Model Transformations

In the previous installment, we covered some relatively simple matrix transformation operations that can produce a state transition model completely different from the original one but having exactly the same input/output behavior as the original. We will continue this time to cover a particular kind of transformation that can be used to impose a desired structure on the state transformation equations.

Quick review

Starting with a state transition equation in the following typical form.

\begin{matrix} x^{k + 1} = A \cdot x^{k} + B \cdot u^{k} \\ y^{k} = C \cdot x^{k} \end{matrix}

we found that using a nonsingular matrix Q, we can define the following new operators

Q \cdot A \cdot Q^{- 1} \Leftrightarrow \overset{‸}{A} Q \cdot B \Leftrightarrow \overset{‸}{B} C \cdot Q^{- 1} \Leftrightarrow \overset{‸}{C}

and apply them to construct the transformed state equation system.

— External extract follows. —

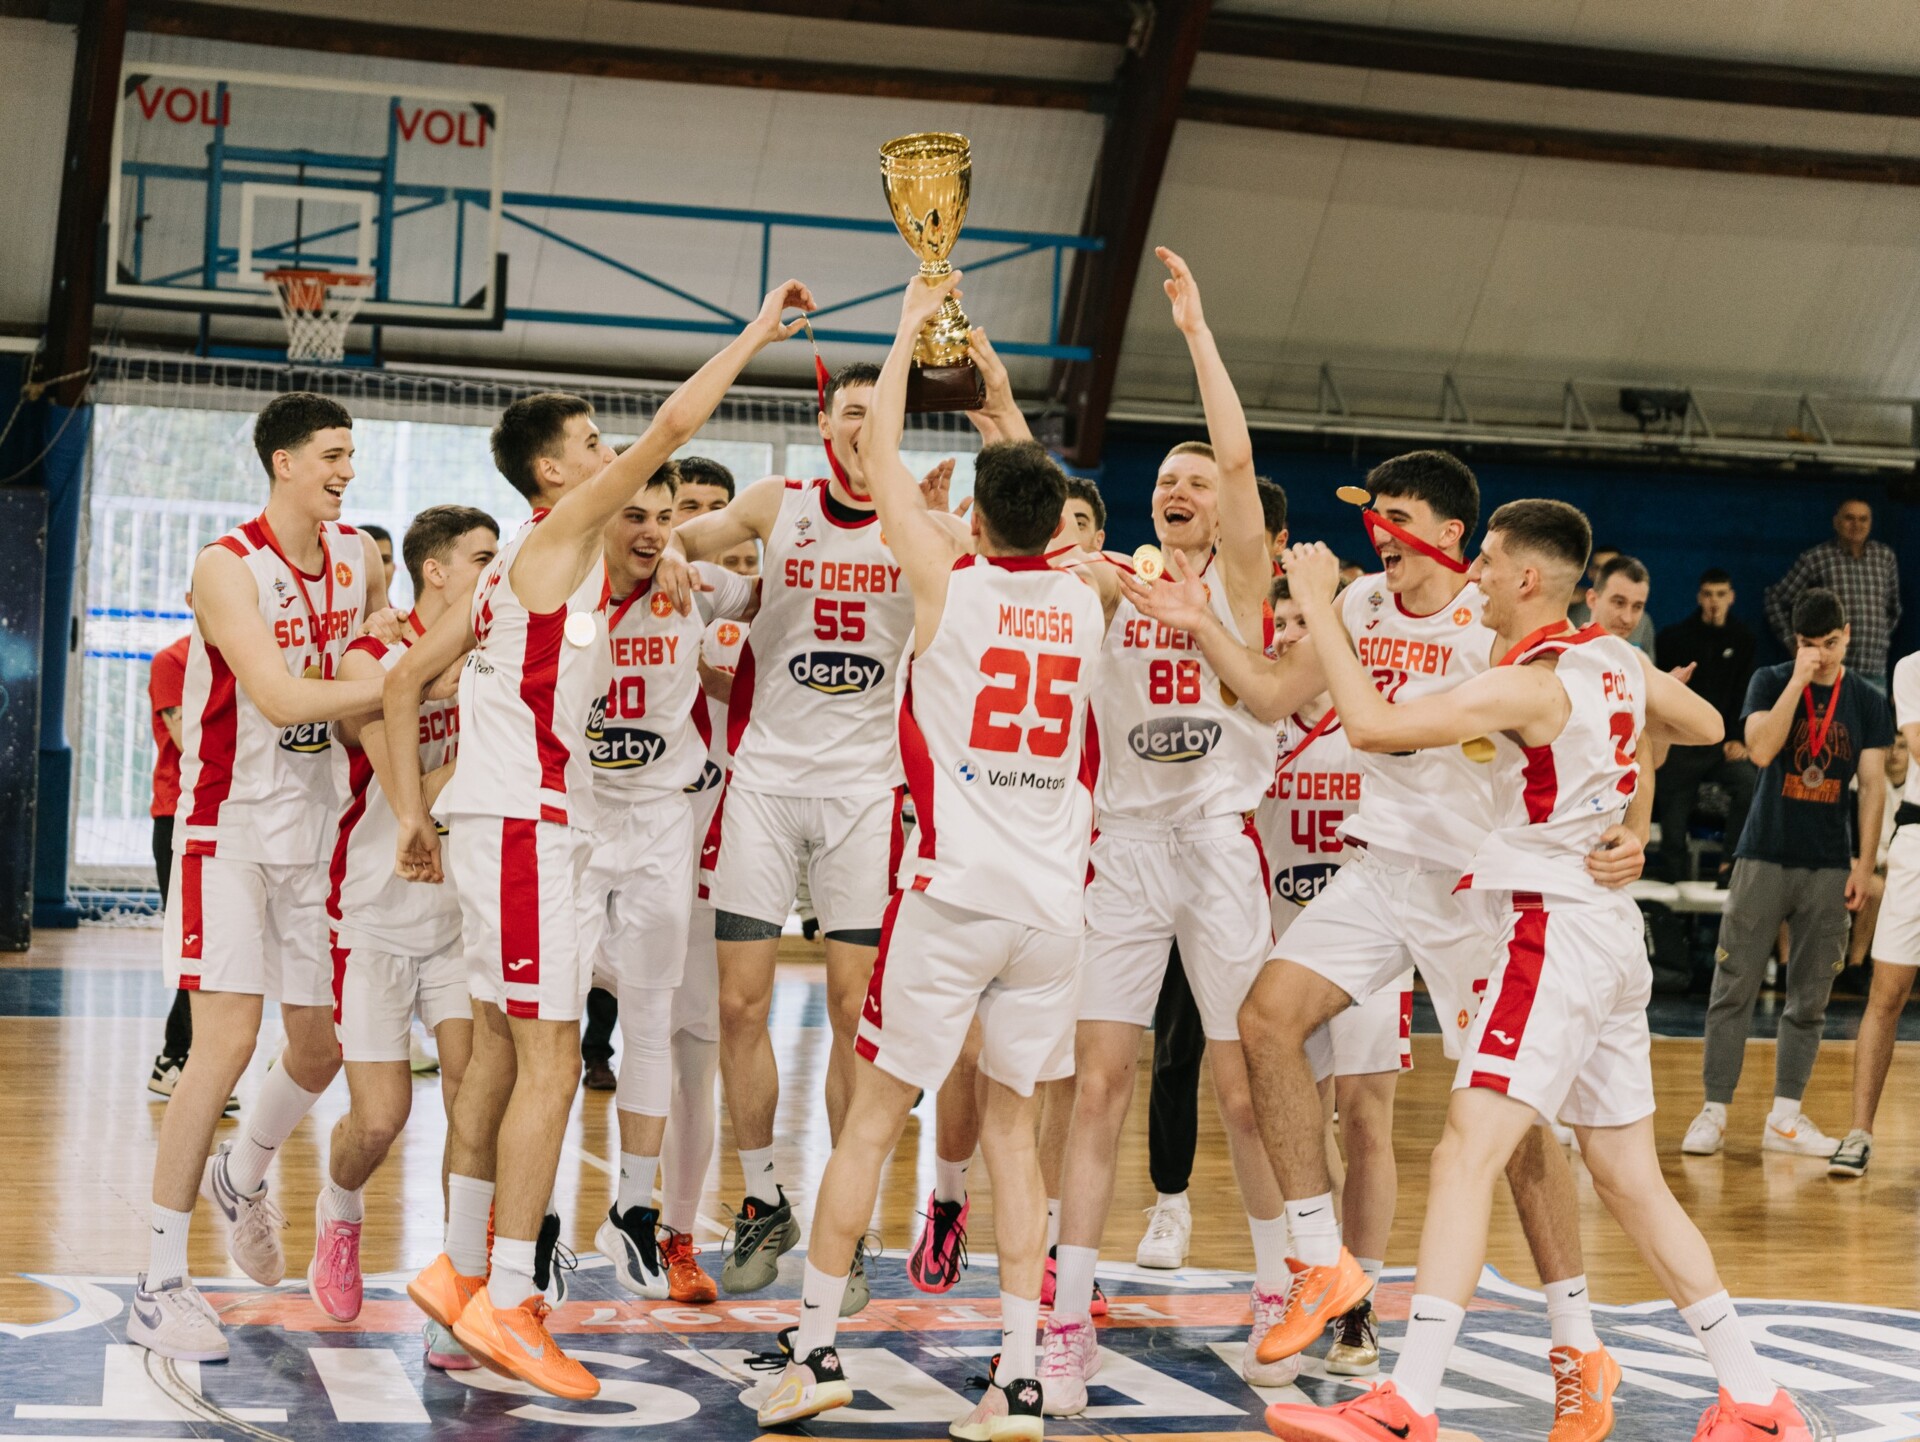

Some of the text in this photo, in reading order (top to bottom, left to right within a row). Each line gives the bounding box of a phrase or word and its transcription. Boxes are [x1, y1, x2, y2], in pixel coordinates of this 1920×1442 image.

\begin{matrix} q^{k + 1} = \overset{‸}{A} \cdot q^{k} + \overset{‸}{B} \cdot u^{k} \\ y^{k} = \overset{‸}{C} \cdot q^{k} \end{matrix}

The goal this time is to find a special transformation Q that can impose a desired restructuring of the state transition equations. For example, you could force the transition matrix to have a a tridiagonal form in which each internal state interacts directly with at most two other internal states.

The Householder Transformation

Householder devised a transformation back in 1958 ^[1] to eliminate some number of terms below diagonal of a matrix. You probably do not want to eliminate the main diagonal terms — that would be the equivalent of saying "the value of the state is completely independent of what it was in the previous time step" which is highly unusual. As typically presented, you also can't clear terms above the main diagonal, but this is really not a limitation because you know from the previous installment how to build a permutation transformation that can reorder the transformation rows to locate them any way you want.

Let the number of rows in the state transition matrix be N, and let the location of the last term not set to zero be index t. The specific goal of the transformation is:

To force the desired changes in a selected column w.
Avoid changes to rows and columns before row t.
Let the transformation produce whatever changes it needs in row t.
Make the transformation force all of the other remaining terms in the w column, terms t+1 through N, to zero.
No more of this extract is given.